Mothers and breast cancer was something she knew a lot about. She was fresh out of Howard University, studying for her CPA exam and working in the family accounting firm in 1998 when her mother, Anita, was diagnosed with an aggressive form of the disease.

High-dose chemotherapy, radiation, and an experimental stem-cell transplant followed. Doctors said there was little else to do for the woman but pray. They prayed a lot.

Three years ago marked the 10th anniversary of her mother's diagnosis, and the elder Conner was doing fine - "still here, still bossing us around," Kerri Conner said. Anita and Kerri Conner were serving as cochairs of the Susan G. Komen Race for the Cure, the annual May marathon to benefit breast cancer research.

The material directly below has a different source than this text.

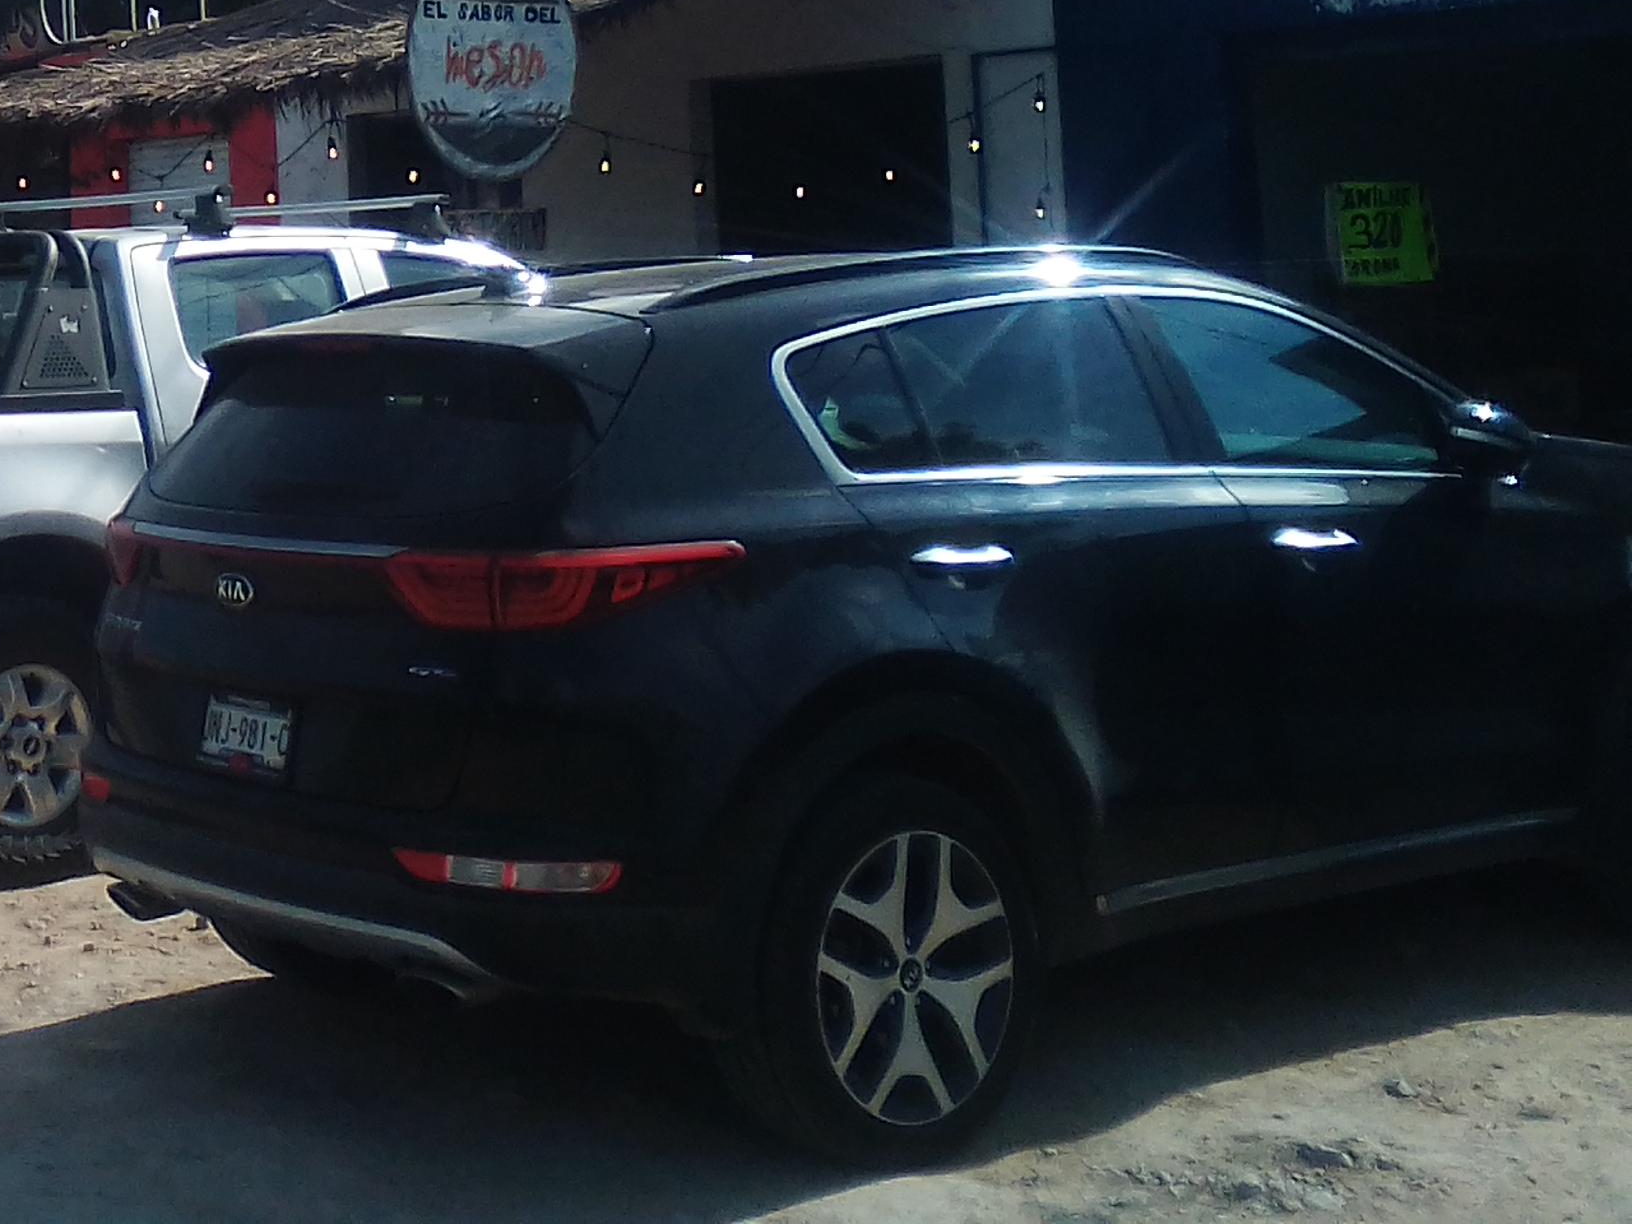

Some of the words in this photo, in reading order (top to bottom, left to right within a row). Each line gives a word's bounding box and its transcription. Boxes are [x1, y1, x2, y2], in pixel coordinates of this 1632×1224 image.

One day that April, while taking a shower, Kerri felt a lump in her left breast. She was nine years younger than her mother had been when diagnosed. Because of her mother's bout, Kerri felt she was high risk and began having mammograms at age 29. She had another the next year, but at 31 became pregnant and so wasn't tested. The next year she was breast-feeding, and doctors told her she was at less risk for that sort of cancer.

Her next mammogram, at 33, revealed three lumps in her left breast. By then, the cancer had already spread to her lymph nodes.

Kerri thought of her own daughter, Madison. How could she make what happened less scary, more helpful?

What she came up with captures it all, the struggle to lift her daughter into the bath or dress her in the morning, the changes in mood and appearance. She turned it into something uplifting for children whose lives have been upended by cancer in the house.

The book is called My Mommy Has Breast Cancer, But She is OK!